擴增水貂α-干擾素基因特異性下游引物如Seq?ID?NO：4所示。

4.根據權利要求1所述的重組水貂α-干擾素的制備方法，其特征在于：所述的誘導表達的具體方法為：用含Zeocin?100mg/L的YPD液體培養基進行菌體的擴增培養，30℃，300rpm搖床培養至OD₆₀₀＝1.5；按1:100比例轉接到含Zeocin100mg/L的YPD液體培養基中，30℃，300rpm搖床培養至OD₆₀₀＝6-8，7000rpm，4℃，離心15min，獲得含有重組水貂α-干擾素的上清液。

5.根據權利要求1所述的重組水貂α-干擾素的制備方法，其特征在于：所述的畢赤酵母重組表達載體的構建及篩選，包括以下步驟：

首先將載體pGAPZα用Xho?Ⅰ和Xba?Ⅰ雙酶切后檢測回收，設計擴增水貂α-干擾素基因特異性引物，回收PCR基因片段用In-Fusion?HD?Cloning?Kit將處理后的片段和載體連接，經驗證得到插入正確的重組畢赤酵母載體，即將基因插入pGAP啟動子和α-alpha信號肽下游的Xho?Ⅰ/Xba?Ⅰ位點，構建成分泌型酵母表達重組質粒，以Bln?Ⅰ酶切載體呈線性化轉化酵母X-33，經含Zeocin?100mg/L的YPD培養基平板篩選和PCR鑒定分析，確定陽性菌株后作進一步的搖瓶發酵。

6.權利要求1～5任一項所述的方法制備獲得的重組水貂α-干擾素在制備治療犬瘟熱疾病的藥物中應用。

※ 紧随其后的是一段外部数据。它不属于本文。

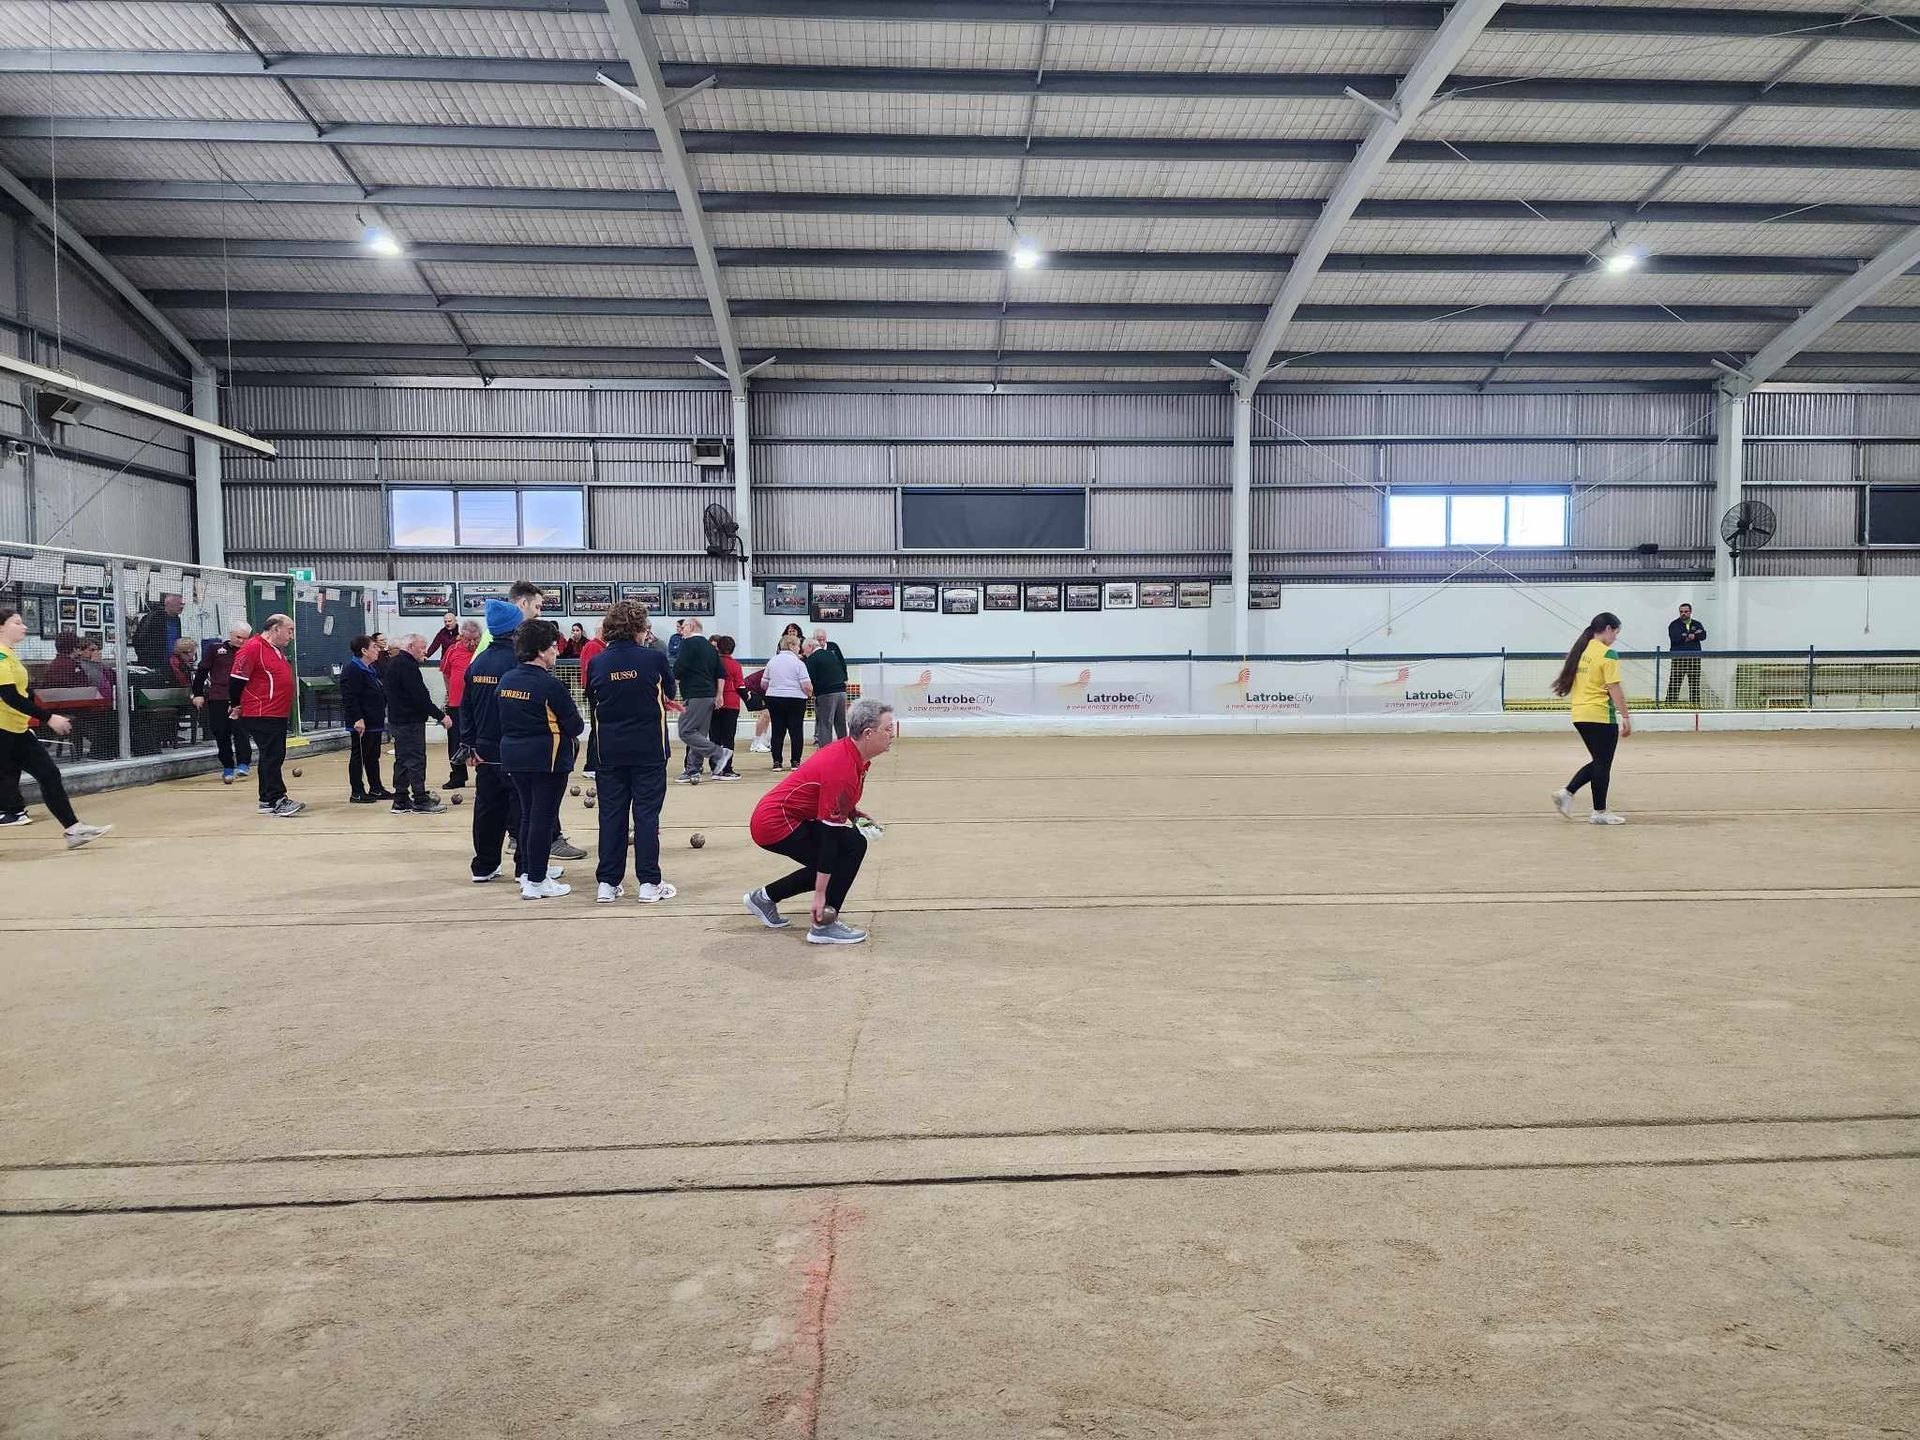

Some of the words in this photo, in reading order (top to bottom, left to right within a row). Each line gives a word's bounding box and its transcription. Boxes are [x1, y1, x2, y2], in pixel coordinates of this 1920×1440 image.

[610, 670, 638, 681] RUSSO
[927, 694, 996, 706] LatrobeCity
[1086, 693, 1155, 704] LatrobeCity
[1245, 692, 1315, 704] LatrobeCity
[1405, 689, 1474, 700] LatrobeCity

7.權利要求1～5任一項所述的方法制備獲得的重組水貂α-干擾素在制備治療水貂細小病毒感染疾病的藥物中應用。

8.根據權利要求7所述的應用，其特征在于：所述應用的一種配方為50～100萬IU重組水貂α-干擾素：1ml止血敏：0.8ml安乃近注射液。